Es una infección viral causada por el virus Coxsackie que provoca úlceras en la boca y erupción en manos y pies. Se contagia por contacto con saliva, secreciones nasales, líquido de las ampollas o heces de personas infectadas.

¿Cuánto dura la enfermedad mano-pie-boca en bebés?

La enfermedad suele resolverse por sí sola en 7 a 10 días. La fiebre remite en 2-3 días y las ampollas se curan sin dejar cicatrices, aunque el virus puede permanecer en las heces durante varias semanas.

¿Puede un adulto contagiarse de la enfermedad mano-pie-boca?

Sí, aunque es menos frecuente. Los adultos pueden infectarse y ser portadores asintomáticos, transmitiendo el virus sin saberlo. Es importante extremar la higiene de manos al cuidar de un niño infectado.

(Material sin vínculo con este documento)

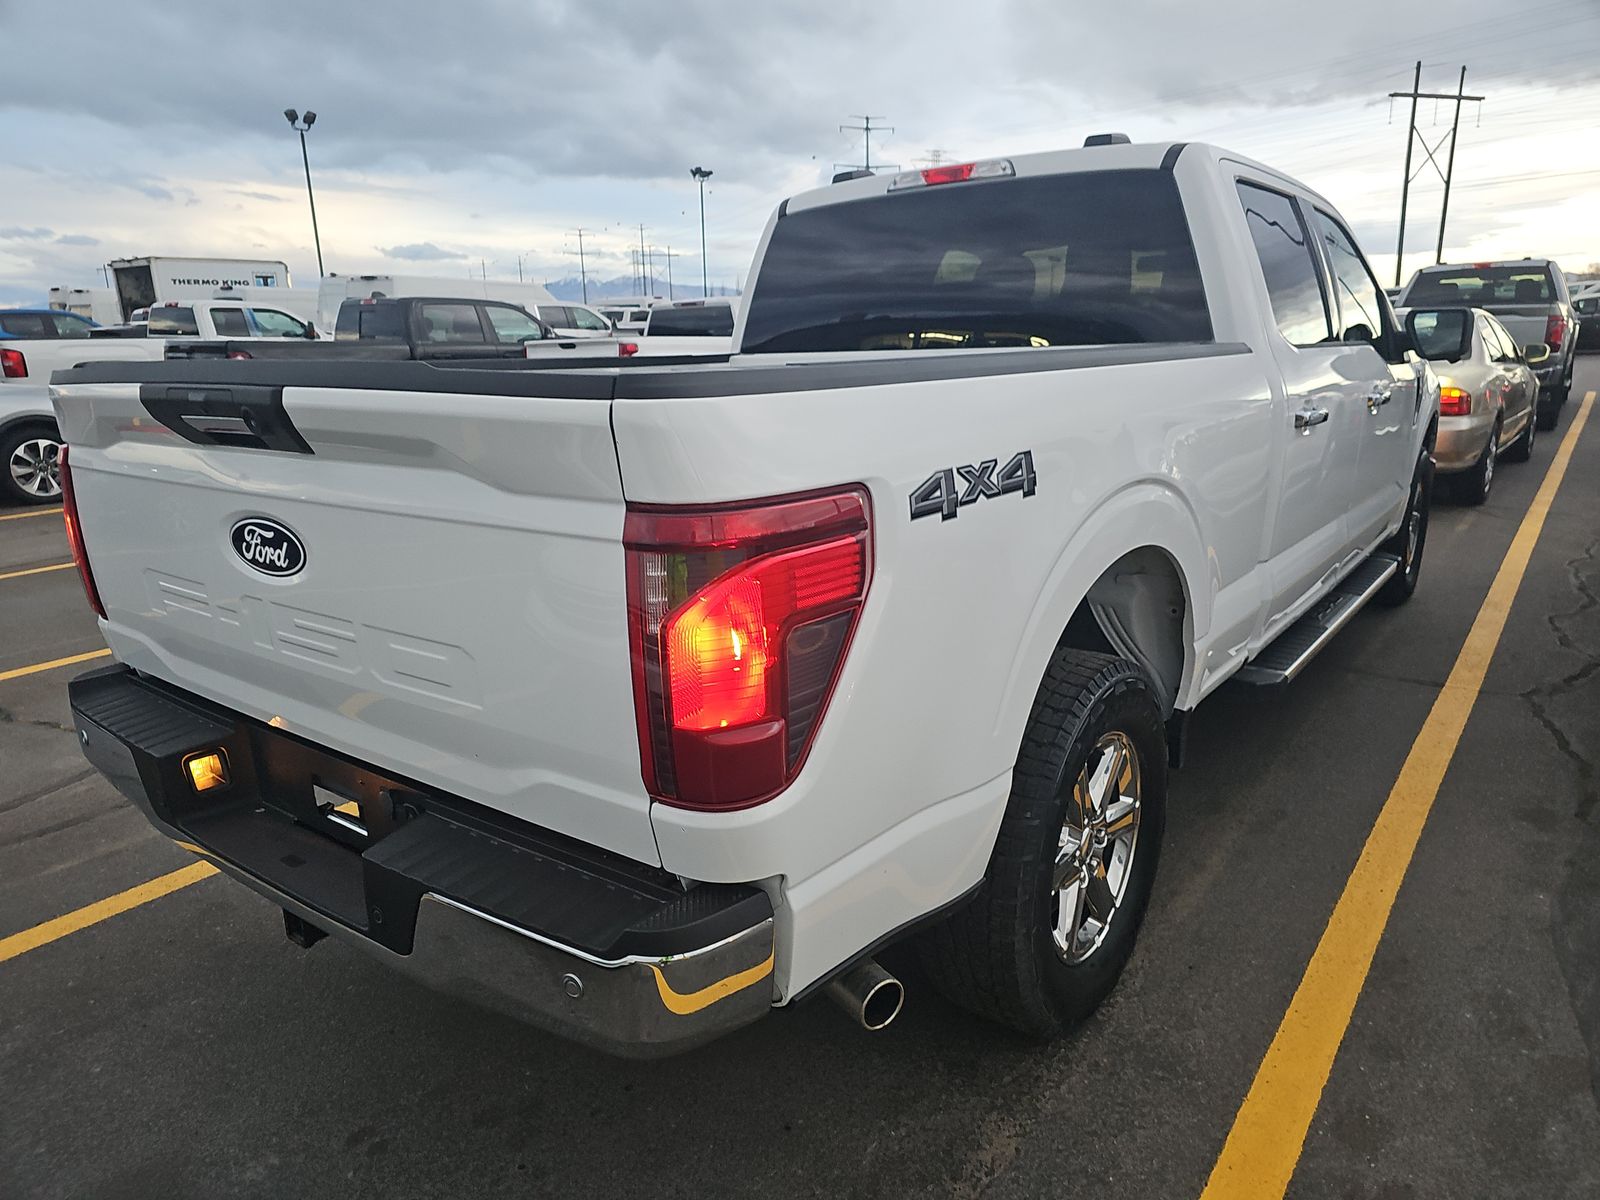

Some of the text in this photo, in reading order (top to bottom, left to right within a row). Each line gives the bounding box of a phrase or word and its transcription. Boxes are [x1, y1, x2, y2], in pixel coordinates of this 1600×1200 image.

[171, 279, 250, 287] THERMO KING
[242, 525, 289, 568] Ford
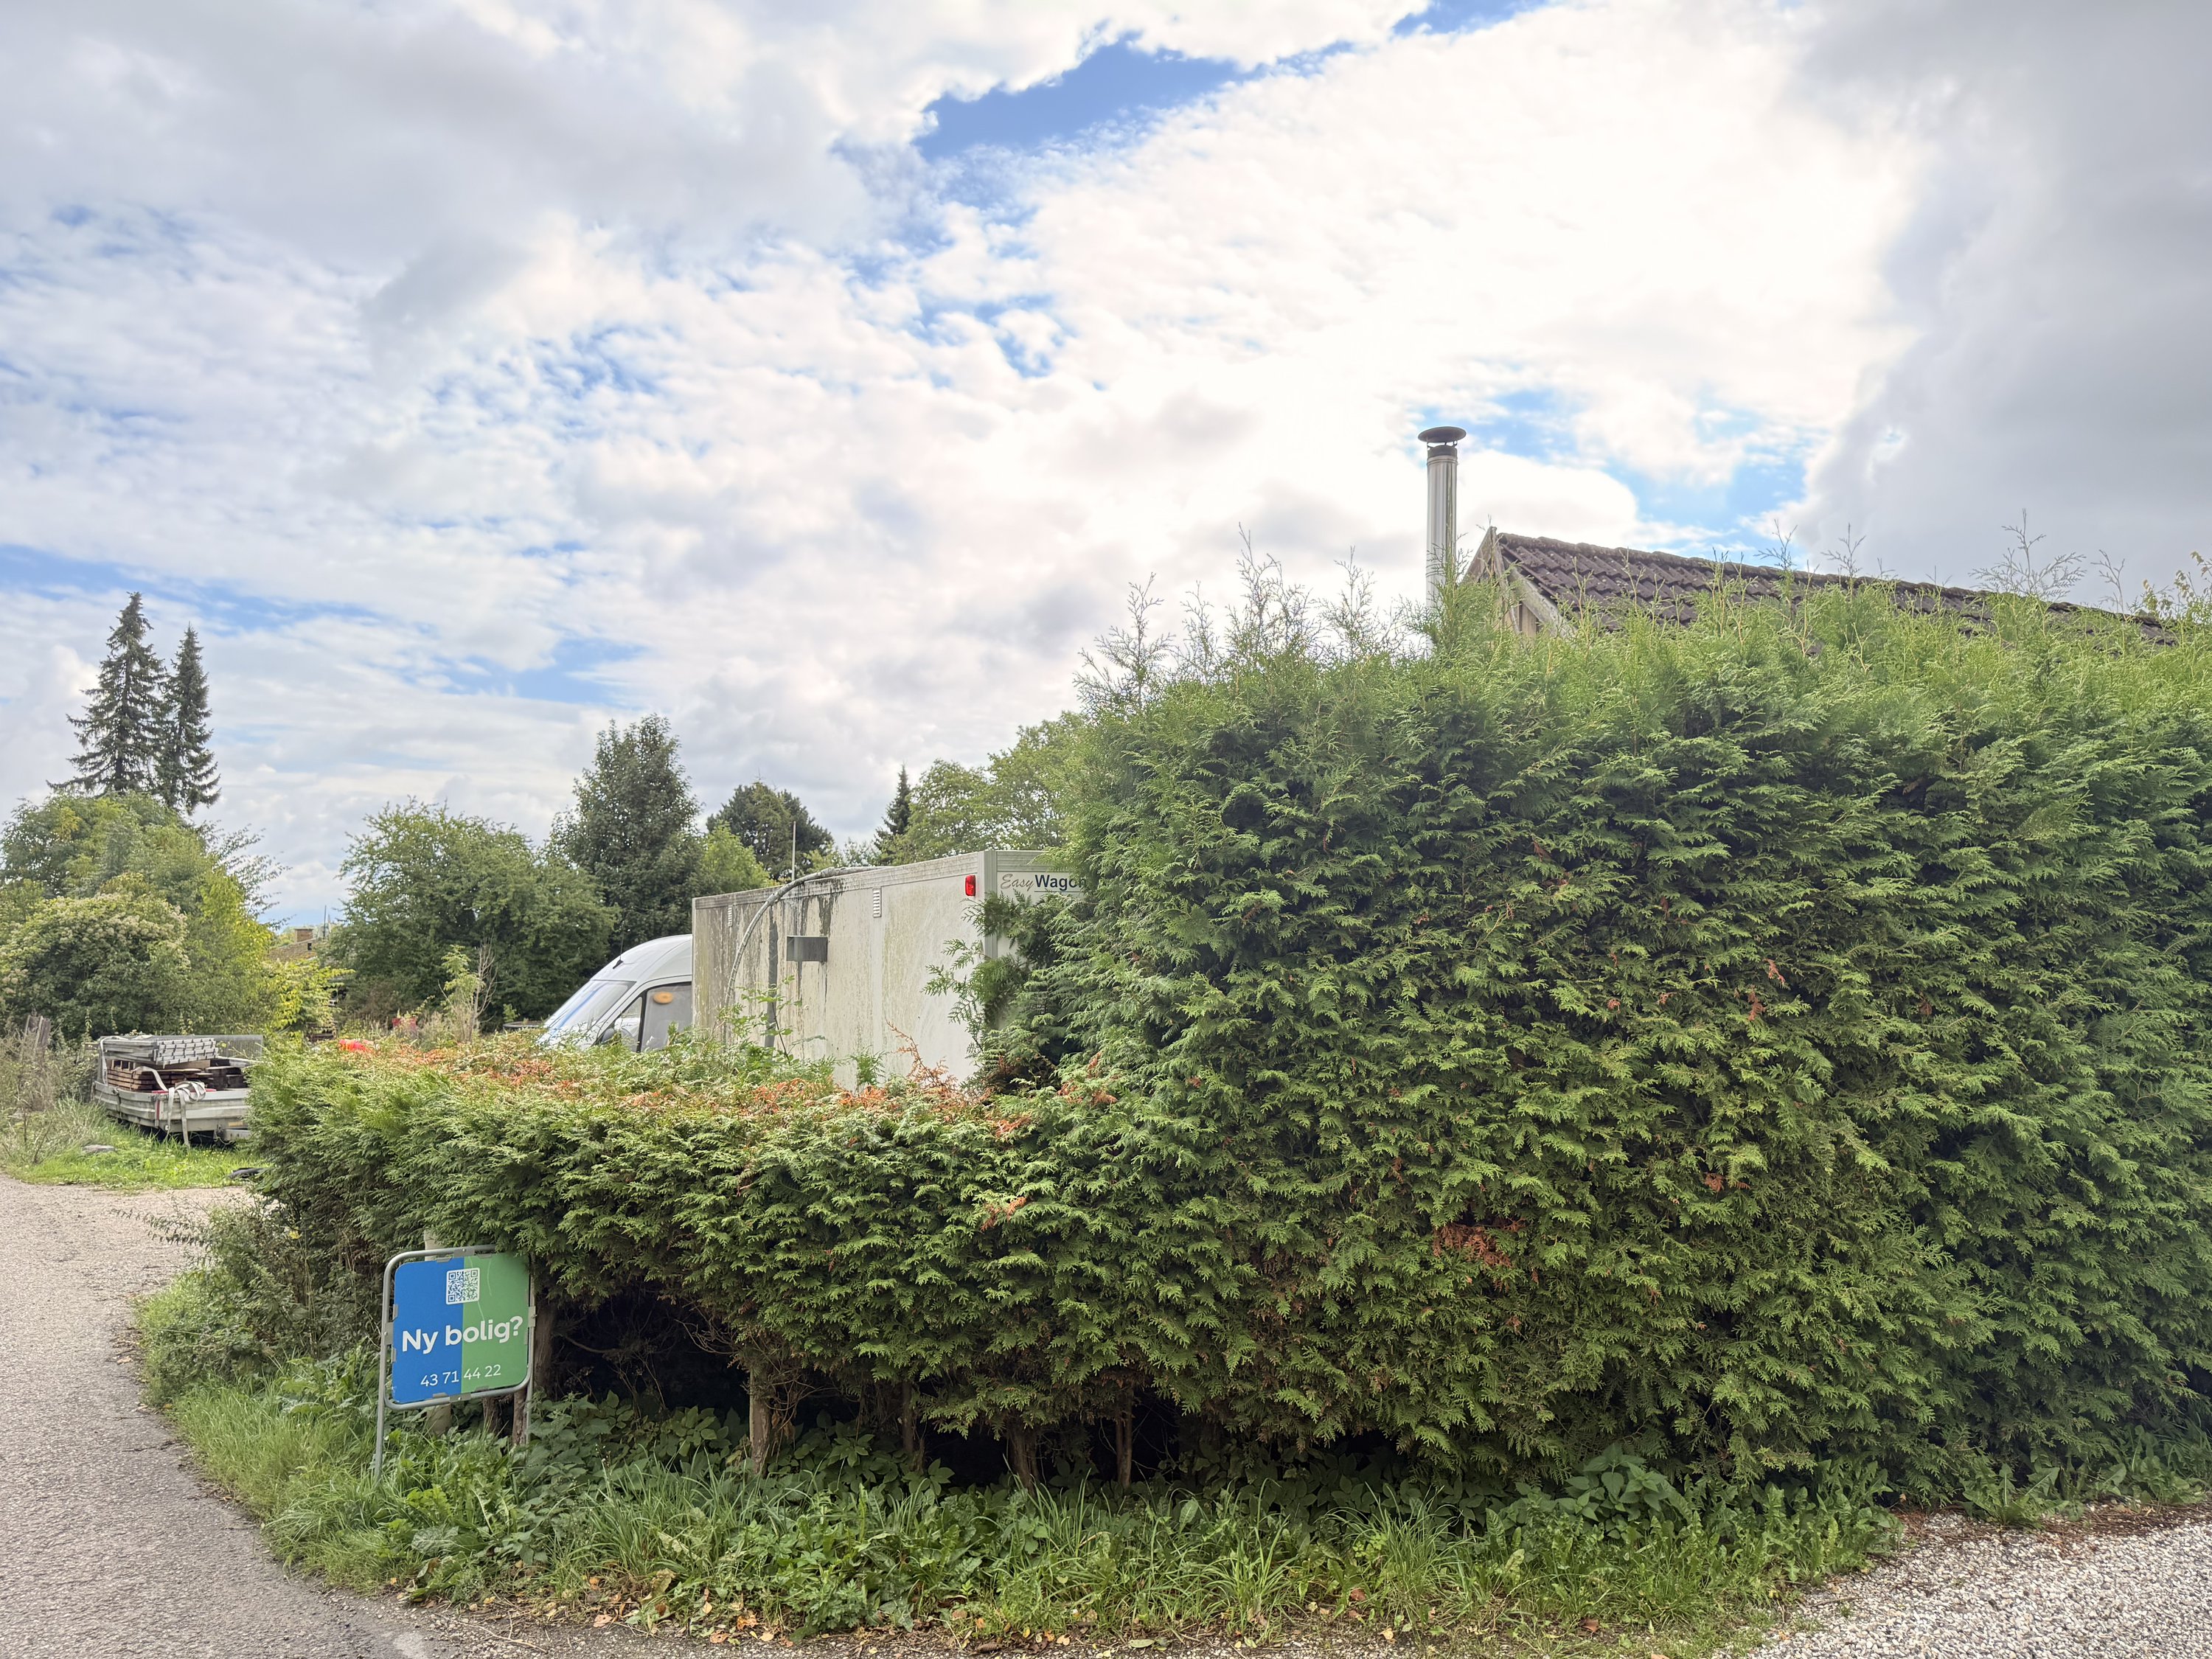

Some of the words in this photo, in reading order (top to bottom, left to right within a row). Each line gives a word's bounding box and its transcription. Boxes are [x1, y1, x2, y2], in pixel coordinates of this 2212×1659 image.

[402, 1329, 438, 1354] Ny
[445, 1316, 523, 1346] bolig?
[420, 1374, 438, 1387] 43
[443, 1371, 459, 1385] 71
[464, 1367, 481, 1380] 44
[484, 1364, 501, 1377] 22
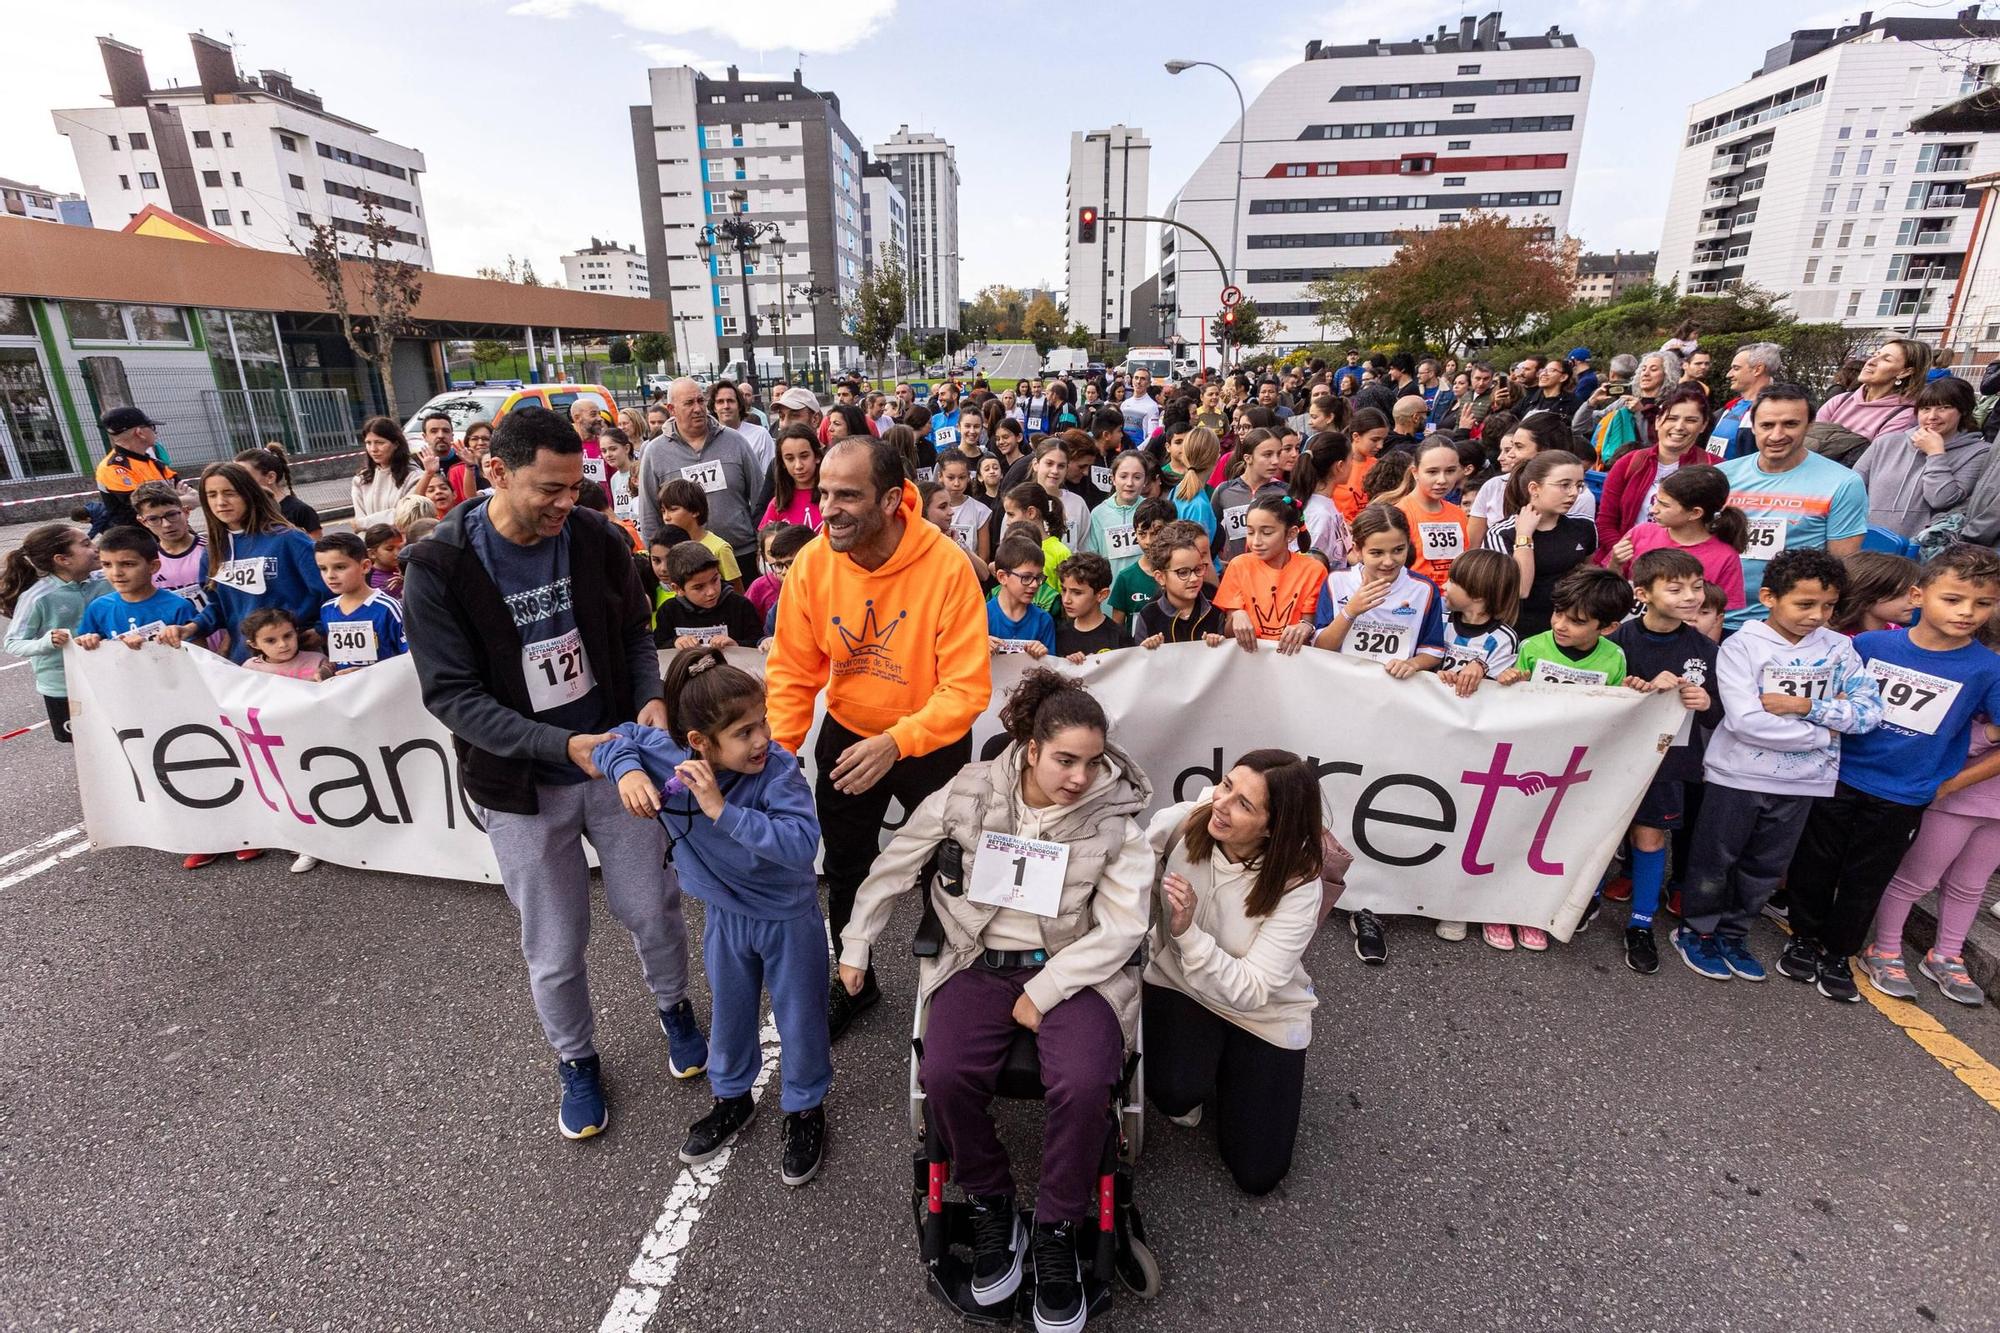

¿Qué puedo darle de comer a mi bebé si tiene llagas en la boca?

Ofrece alimentos blandos y fríos como yogur, puré, papilla o helado. Evita alimentos ácidos, picantes o salados. Mantén una buena hidratación con líquidos frescos y, si es lactante, continúa con la lactancia.

¿Cuándo debo llevar a mi hijo al médico por esta enfermedad?

Consulta al pediatra si la fiebre supera los 39°C y no cede, el niño no puede tragar líquidos, muestra signos de deshidratación o los síntomas persisten más de 10 días sin mejoría.